▸ YOUR GOAL
An exact copy of every entry is needed, without any of the pictures.

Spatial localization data

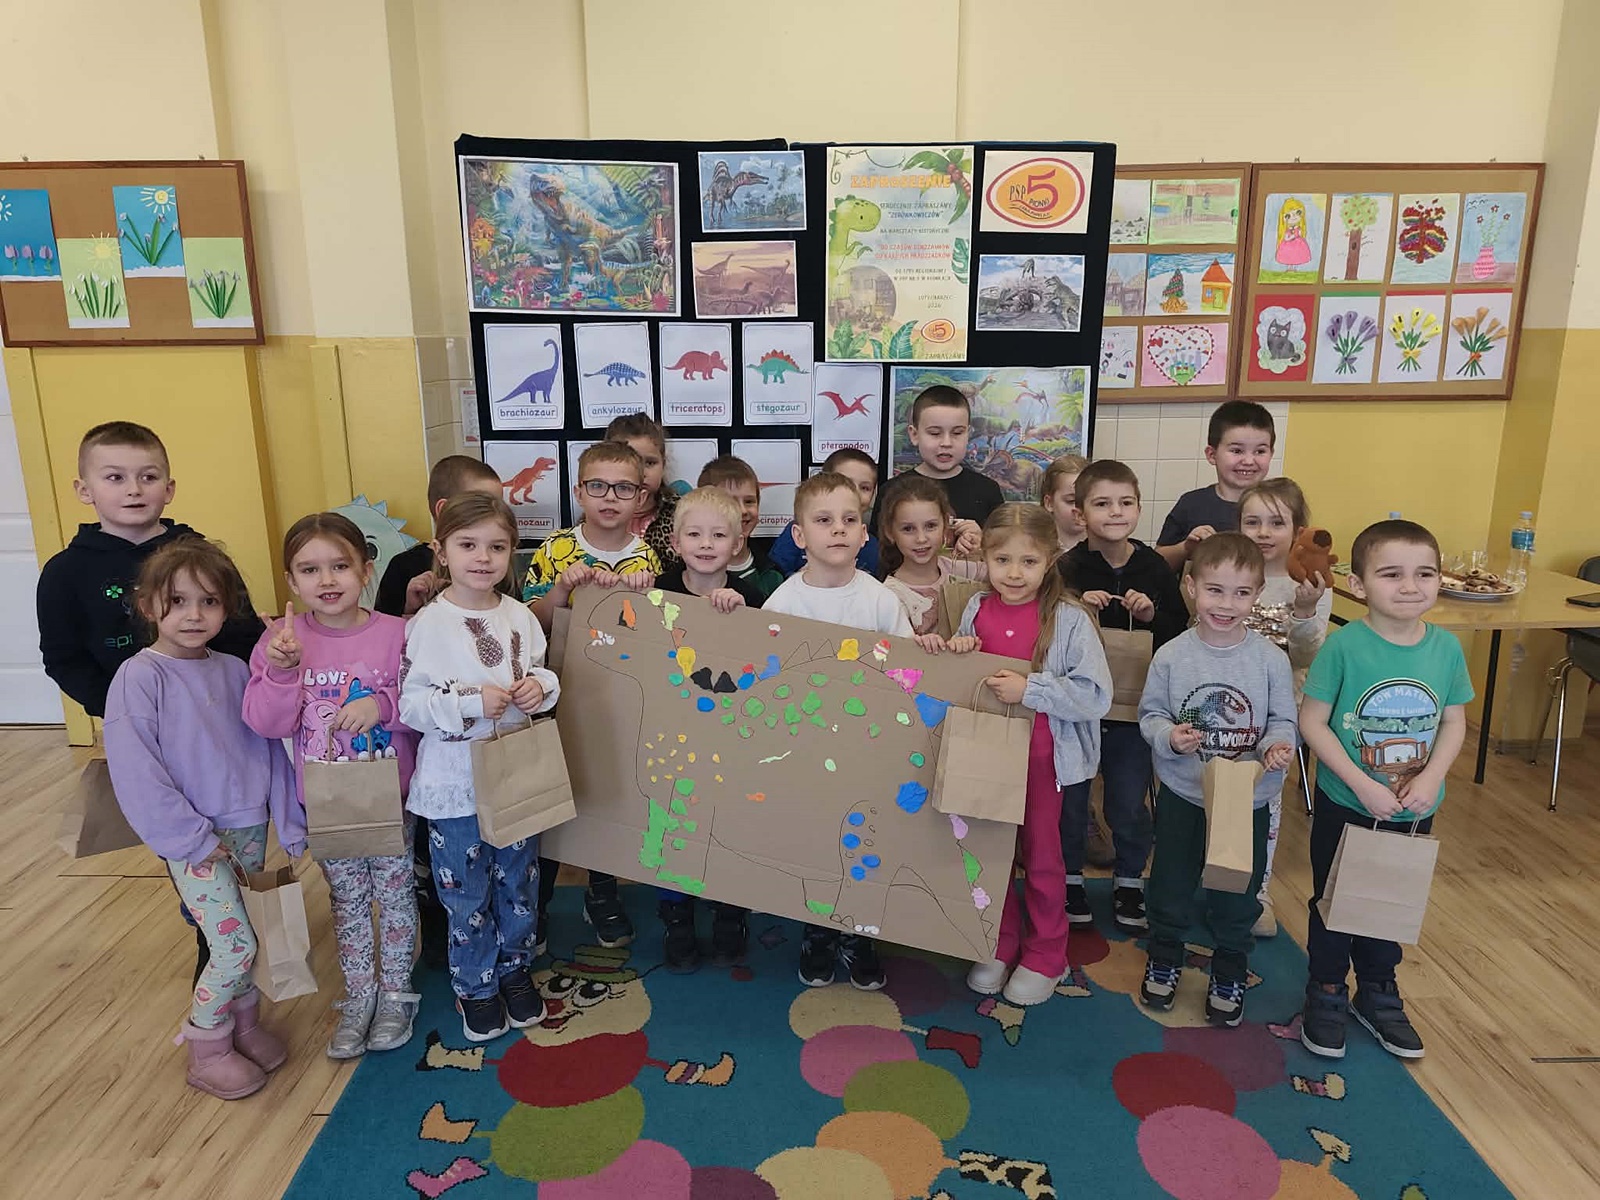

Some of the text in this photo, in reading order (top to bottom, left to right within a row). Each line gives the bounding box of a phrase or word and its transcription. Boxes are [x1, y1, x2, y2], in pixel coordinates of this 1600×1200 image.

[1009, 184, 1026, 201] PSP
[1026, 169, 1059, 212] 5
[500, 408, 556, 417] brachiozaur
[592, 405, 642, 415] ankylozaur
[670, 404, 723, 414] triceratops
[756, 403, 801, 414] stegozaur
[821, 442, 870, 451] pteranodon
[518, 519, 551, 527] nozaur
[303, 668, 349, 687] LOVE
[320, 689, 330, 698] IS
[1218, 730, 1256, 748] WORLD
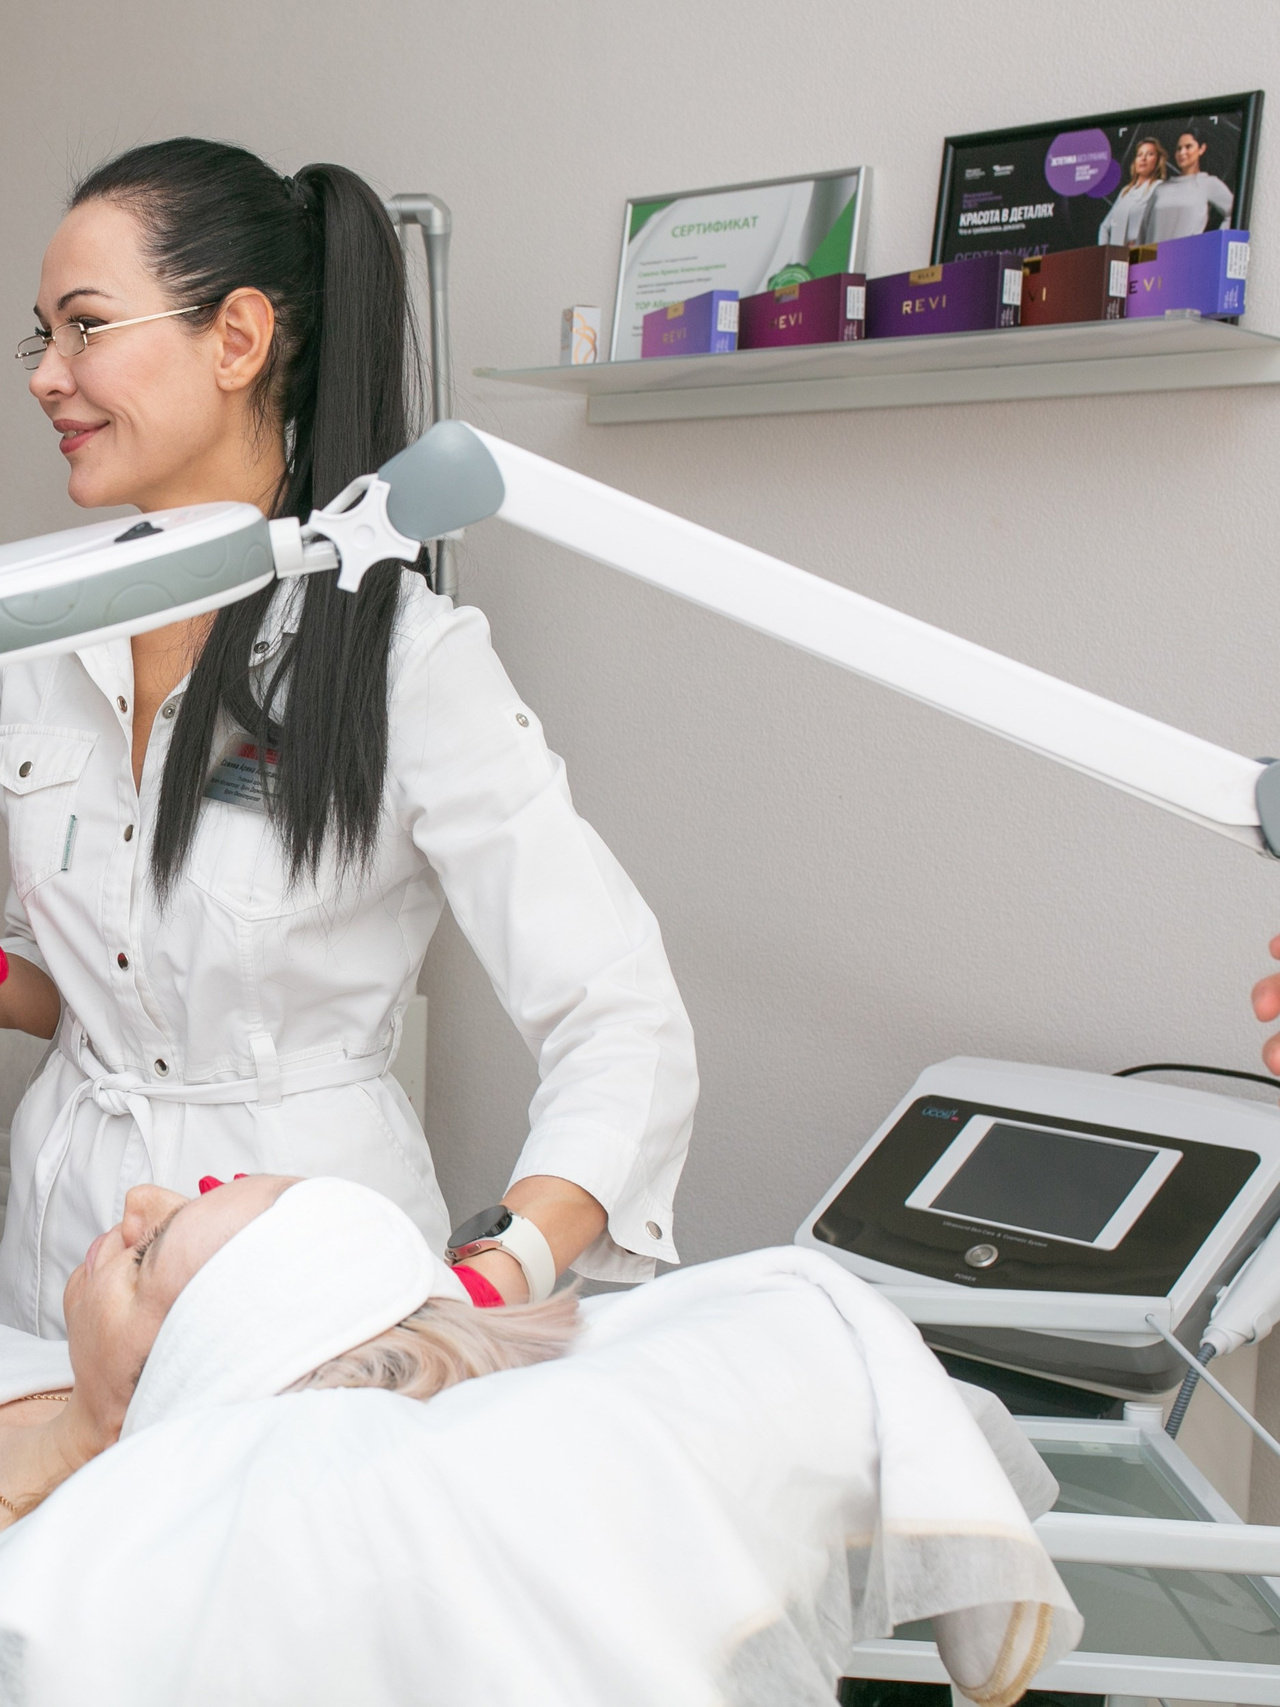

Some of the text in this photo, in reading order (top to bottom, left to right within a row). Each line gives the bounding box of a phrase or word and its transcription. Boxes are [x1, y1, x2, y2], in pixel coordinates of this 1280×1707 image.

▸ SOLUTION FOR THIS PROBLEM
Some of the text in this photo, in reading order (top to bottom, left to right within a row). Each line gives the bounding box of a phrase or word and its transcription. Boxes are [x1, y1, x2, y2], in pixel coordinates of this 1600×1200 image.

[1009, 184, 1026, 201] PSP
[1026, 169, 1059, 212] 5
[500, 408, 556, 417] brachiozaur
[592, 405, 642, 415] ankylozaur
[670, 404, 723, 414] triceratops
[756, 403, 801, 414] stegozaur
[821, 442, 870, 451] pteranodon
[518, 519, 551, 527] nozaur
[303, 668, 349, 687] LOVE
[320, 689, 330, 698] IS
[1218, 730, 1256, 748] WORLD

Some of the text in this photo, in reading order (top to bottom, left to right within a row). Each line gives the bounding box of a phrase or word and its transcription. Boxes are [x1, y1, x2, y2], in pixel coordinates of this 1280×1707 image.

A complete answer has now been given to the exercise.